TASK GOAL:
Leaving out the pictures, reproduce each record exactly and in full.

┌─ RECORDS TO PROCESS

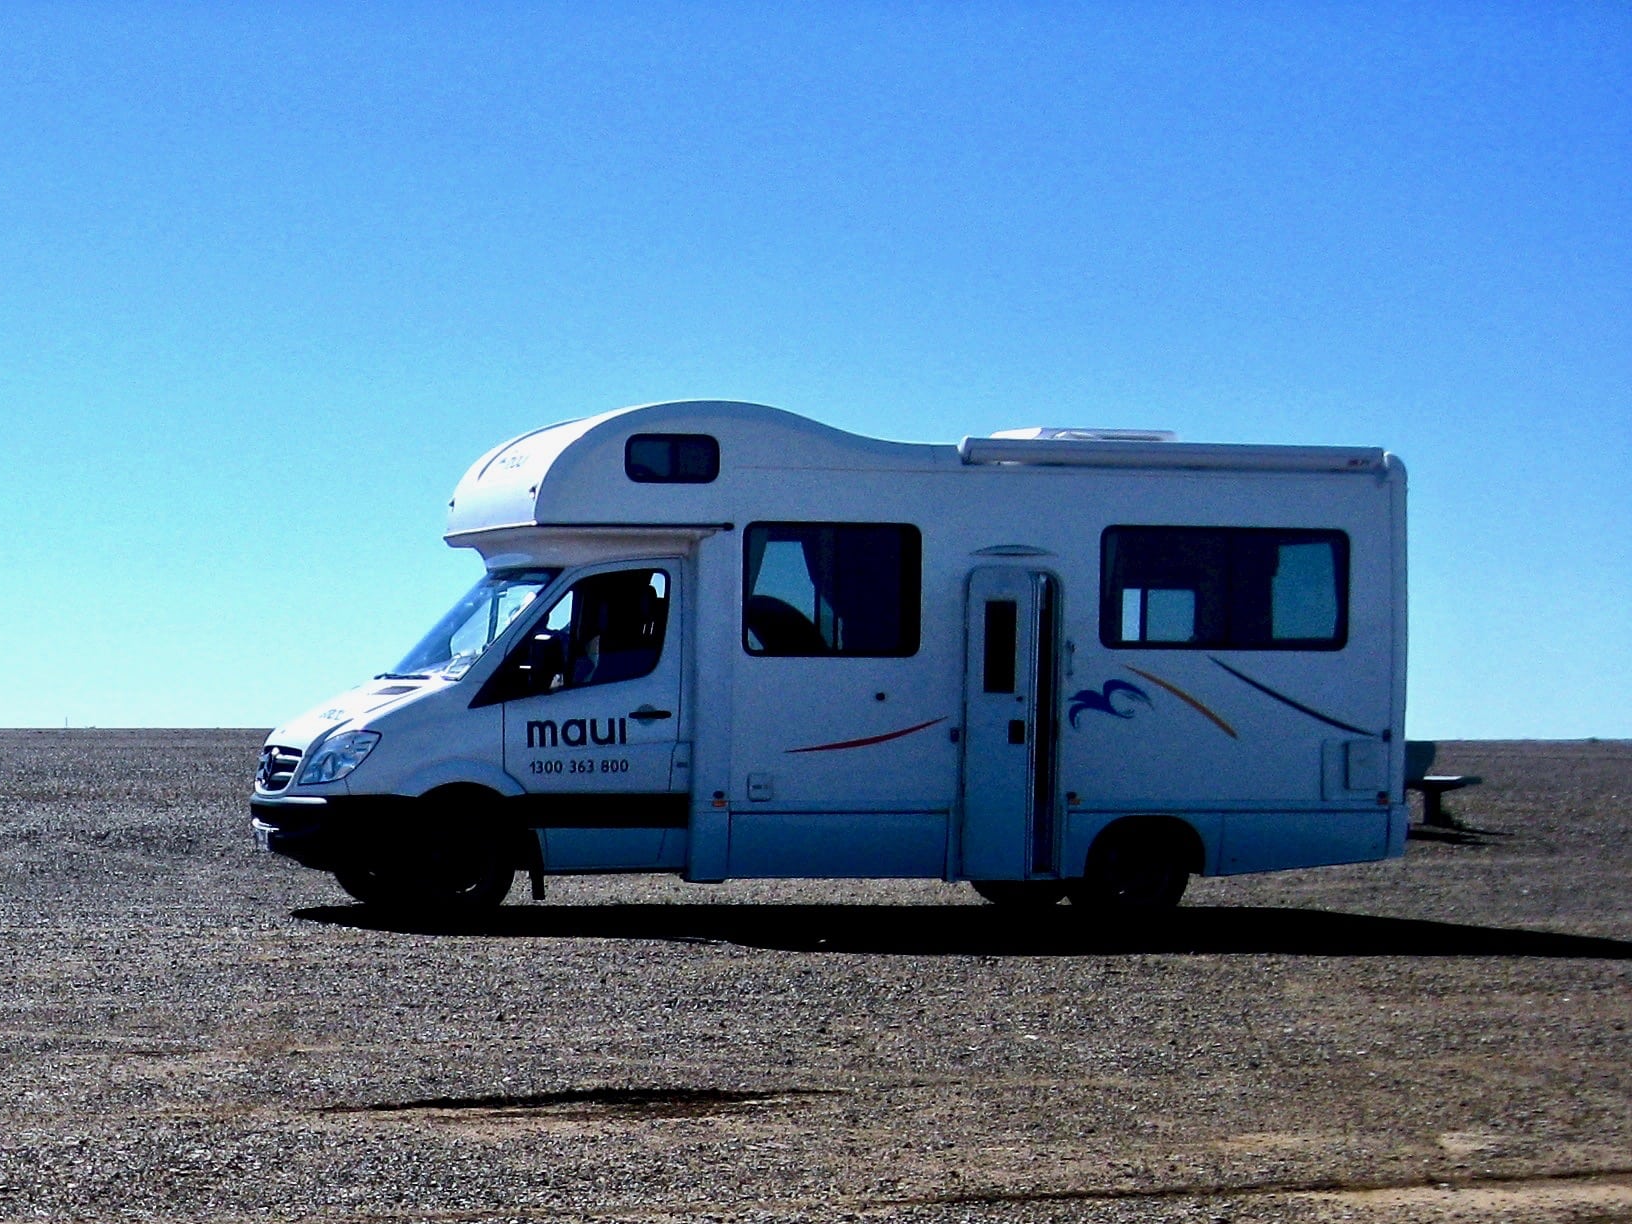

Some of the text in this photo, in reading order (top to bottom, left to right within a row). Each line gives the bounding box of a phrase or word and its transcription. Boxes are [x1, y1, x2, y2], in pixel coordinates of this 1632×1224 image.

[526, 717, 627, 748] maui
[528, 758, 629, 774] 1300 363 800
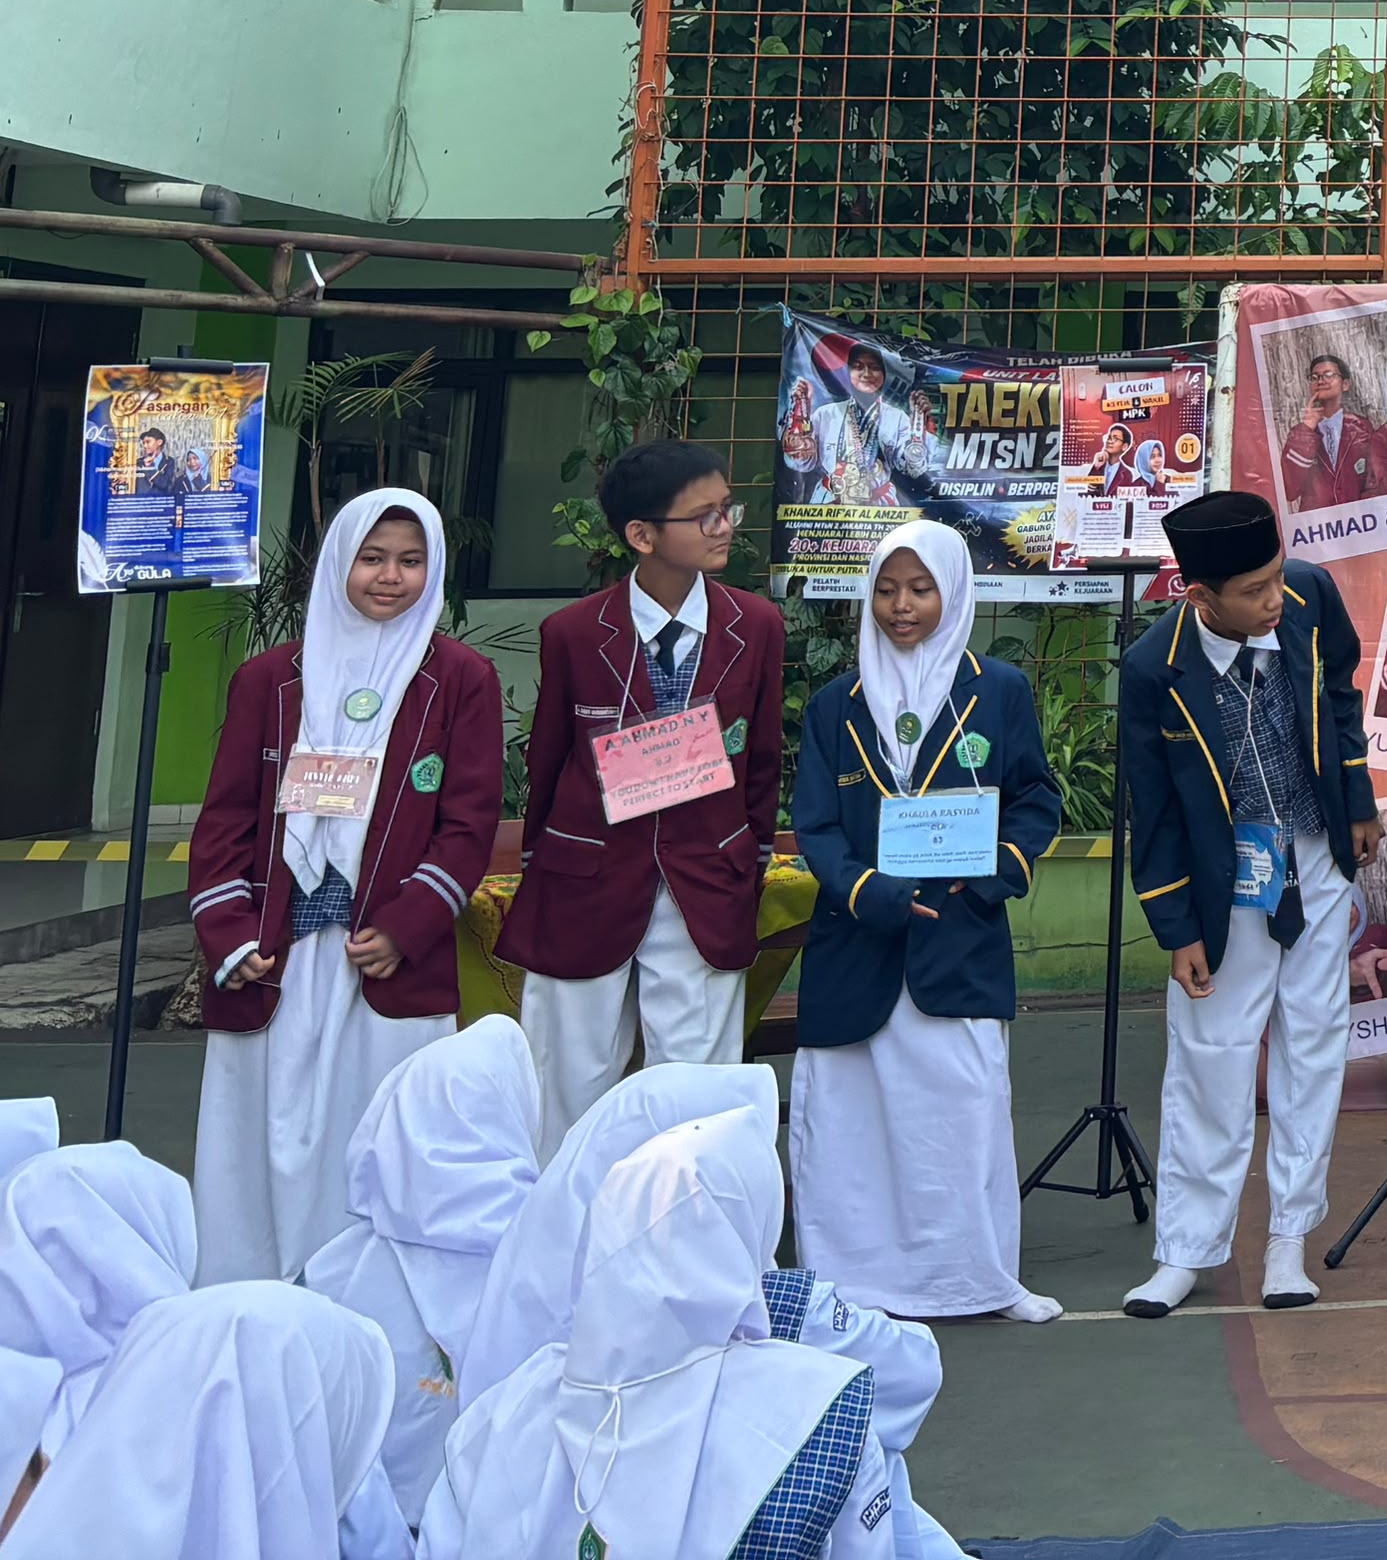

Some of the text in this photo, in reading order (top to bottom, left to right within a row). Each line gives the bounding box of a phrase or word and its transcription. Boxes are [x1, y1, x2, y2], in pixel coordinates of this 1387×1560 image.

[1006, 356, 1062, 367] TELAH
[982, 369, 1060, 381] UNIT LA
[1119, 382, 1154, 395] CALON
[1122, 407, 1146, 420] MPK
[946, 432, 1037, 470] MTsN
[1180, 442, 1196, 455] 01
[938, 481, 996, 497] DISIPLIN
[783, 508, 909, 520] KHANZA RIF'AT AL AMZAT
[1017, 523, 1051, 533] GABUNG
[1290, 513, 1378, 548] AHMAD
[845, 530, 869, 539] LEBIH
[788, 537, 819, 553] 20+
[137, 568, 172, 580] GULA
[806, 566, 835, 574] UNTUK
[812, 577, 841, 585] PELATIH
[812, 585, 857, 593] BERPRESTASI
[621, 719, 679, 746] AHMAD

└─

OUTPUT:
Some of the text in this photo, in reading order (top to bottom, left to right within a row). Each line gives the bounding box of a phrase or word and its transcription. Boxes are [x1, y1, x2, y2], in pixel coordinates of this 1632×1224 image.

[526, 717, 627, 748] maui
[528, 758, 629, 774] 1300 363 800

Some of the text in this photo, in reading order (top to bottom, left to right within a row). Each line gives the bounding box of a phrase or word and its transcription. Boxes are [x1, y1, x2, y2], in pixel coordinates of this 1387×1560 image.

[1006, 356, 1062, 367] TELAH
[982, 369, 1060, 381] UNIT LA
[1119, 382, 1154, 395] CALON
[1122, 407, 1146, 420] MPK
[946, 432, 1037, 470] MTsN
[1180, 442, 1196, 455] 01
[938, 481, 996, 497] DISIPLIN
[783, 508, 909, 520] KHANZA RIF'AT AL AMZAT
[1017, 523, 1051, 533] GABUNG
[1290, 513, 1378, 548] AHMAD
[845, 530, 869, 539] LEBIH
[788, 537, 819, 553] 20+
[137, 568, 172, 580] GULA
[806, 566, 835, 574] UNTUK
[812, 577, 841, 585] PELATIH
[812, 585, 857, 593] BERPRESTASI
[621, 719, 679, 746] AHMAD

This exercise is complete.